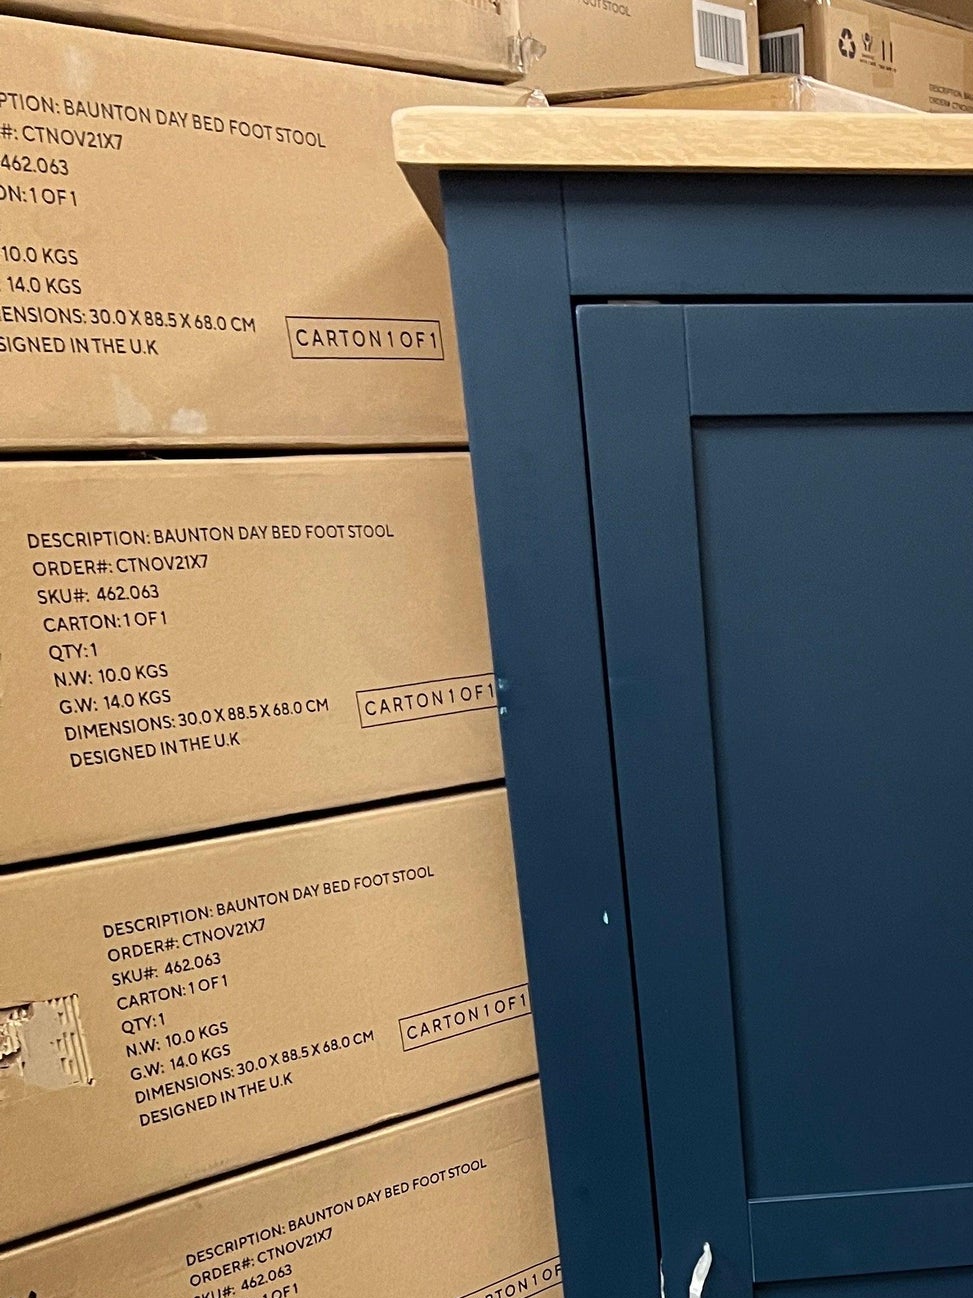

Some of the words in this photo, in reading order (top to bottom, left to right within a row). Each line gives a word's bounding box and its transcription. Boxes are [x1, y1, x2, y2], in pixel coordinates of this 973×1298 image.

[22, 125, 123, 151] CTNOV21X7
[63, 99, 151, 124] BAUNTON
[155, 109, 188, 128] DAY
[192, 114, 225, 133] BED
[229, 119, 273, 141] FOOT
[275, 126, 327, 149] STOOL
[0, 154, 69, 176] 462.063
[1, 245, 38, 263] 10.0
[42, 247, 79, 266] KGS
[6, 276, 41, 294] 14.0
[45, 277, 82, 295] KGS
[89, 308, 126, 325] 30.0
[144, 311, 177, 328] 88.5
[194, 314, 227, 331] 68.0
[231, 316, 256, 333] CM
[129, 338, 159, 355] U.K
[295, 328, 382, 348] CARTON
[400, 331, 425, 348] OF
[27, 530, 151, 549] DESCRIPTION:
[153, 526, 234, 544] BAUNTON
[238, 525, 268, 540] DAY
[271, 525, 302, 539] BED
[305, 525, 345, 539] FOOT
[347, 524, 394, 538] STOOL
[32, 559, 113, 577] ORDER#:
[116, 554, 208, 573] CTNOV21X7
[37, 588, 90, 605] SKU#:
[96, 584, 159, 602] 462.063
[53, 670, 93, 688] N.W:
[98, 666, 131, 683] 10.0
[135, 663, 168, 680] KGS
[59, 697, 98, 715] G.W:
[103, 693, 135, 710] 14.0
[138, 689, 171, 706] KGS
[364, 690, 444, 716] CARTON
[460, 684, 483, 701] OF
[64, 715, 176, 741] DIMENSIONS:
[177, 710, 212, 727] 30.0
[227, 705, 258, 721] 88.5
[273, 701, 303, 717] 68.0
[305, 698, 329, 713] CM
[70, 743, 157, 768] DESIGNED
[213, 731, 241, 748] U.K
[102, 906, 214, 939] DESCRIPTION:
[216, 890, 289, 916] BAUNTON
[292, 883, 320, 901] DAY
[323, 879, 351, 895] BED
[354, 872, 390, 890] FOOT
[392, 865, 435, 883] STOOL
[107, 937, 180, 962] ORDER#:
[182, 917, 265, 947] CTNOV21X7
[111, 966, 159, 987] SKU#:
[164, 952, 221, 975] 462.063
[406, 1006, 479, 1040] CARTON
[494, 996, 516, 1013] OF
[125, 1038, 161, 1058] N.W:
[165, 1029, 195, 1048] 10.0
[198, 1021, 229, 1040] KGS
[130, 1061, 165, 1081] G.W:
[169, 1052, 198, 1071] 14.0
[201, 1044, 231, 1063] KGS
[135, 1067, 235, 1104] DIMENSIONS:
[236, 1056, 267, 1076] 30.0
[281, 1046, 309, 1063] 88.5
[322, 1036, 350, 1053] 68.0
[353, 1029, 374, 1045] CM
[139, 1094, 217, 1127] DESIGNED
[269, 1072, 293, 1089] U.K
[288, 1199, 354, 1232] BAUNTON
[356, 1189, 382, 1208] DAY
[384, 1182, 410, 1199] BED
[412, 1169, 446, 1191] FOOT
[448, 1158, 487, 1179] STOOL
[257, 1226, 333, 1264] CTNOV21X7

__________________________________________________

-- Exercise details --
Only the entries themselves should be output, word for word, with all pictures omitted.

-- Answer to this problem --
Some of the words in this photo, in reading order (top to bottom, left to right within a row). Each line gives a word's bounding box and its transcription. Boxes are [x1, y1, x2, y2], in pixel coordinates of this 973×1298 image.

[22, 125, 123, 151] CTNOV21X7
[63, 99, 151, 124] BAUNTON
[155, 109, 188, 128] DAY
[192, 114, 225, 133] BED
[229, 119, 273, 141] FOOT
[275, 126, 327, 149] STOOL
[0, 154, 69, 176] 462.063
[1, 245, 38, 263] 10.0
[42, 247, 79, 266] KGS
[6, 276, 41, 294] 14.0
[45, 277, 82, 295] KGS
[89, 308, 126, 325] 30.0
[144, 311, 177, 328] 88.5
[194, 314, 227, 331] 68.0
[231, 316, 256, 333] CM
[129, 338, 159, 355] U.K
[295, 328, 382, 348] CARTON
[400, 331, 425, 348] OF
[27, 530, 151, 549] DESCRIPTION:
[153, 526, 234, 544] BAUNTON
[238, 525, 268, 540] DAY
[271, 525, 302, 539] BED
[305, 525, 345, 539] FOOT
[347, 524, 394, 538] STOOL
[32, 559, 113, 577] ORDER#:
[116, 554, 208, 573] CTNOV21X7
[37, 588, 90, 605] SKU#:
[96, 584, 159, 602] 462.063
[53, 670, 93, 688] N.W:
[98, 666, 131, 683] 10.0
[135, 663, 168, 680] KGS
[59, 697, 98, 715] G.W:
[103, 693, 135, 710] 14.0
[138, 689, 171, 706] KGS
[364, 690, 444, 716] CARTON
[460, 684, 483, 701] OF
[64, 715, 176, 741] DIMENSIONS:
[177, 710, 212, 727] 30.0
[227, 705, 258, 721] 88.5
[273, 701, 303, 717] 68.0
[305, 698, 329, 713] CM
[70, 743, 157, 768] DESIGNED
[213, 731, 241, 748] U.K
[102, 906, 214, 939] DESCRIPTION:
[216, 890, 289, 916] BAUNTON
[292, 883, 320, 901] DAY
[323, 879, 351, 895] BED
[354, 872, 390, 890] FOOT
[392, 865, 435, 883] STOOL
[107, 937, 180, 962] ORDER#:
[182, 917, 265, 947] CTNOV21X7
[111, 966, 159, 987] SKU#:
[164, 952, 221, 975] 462.063
[406, 1006, 479, 1040] CARTON
[494, 996, 516, 1013] OF
[125, 1038, 161, 1058] N.W:
[165, 1029, 195, 1048] 10.0
[198, 1021, 229, 1040] KGS
[130, 1061, 165, 1081] G.W:
[169, 1052, 198, 1071] 14.0
[201, 1044, 231, 1063] KGS
[135, 1067, 235, 1104] DIMENSIONS:
[236, 1056, 267, 1076] 30.0
[281, 1046, 309, 1063] 88.5
[322, 1036, 350, 1053] 68.0
[353, 1029, 374, 1045] CM
[139, 1094, 217, 1127] DESIGNED
[269, 1072, 293, 1089] U.K
[288, 1199, 354, 1232] BAUNTON
[356, 1189, 382, 1208] DAY
[384, 1182, 410, 1199] BED
[412, 1169, 446, 1191] FOOT
[448, 1158, 487, 1179] STOOL
[257, 1226, 333, 1264] CTNOV21X7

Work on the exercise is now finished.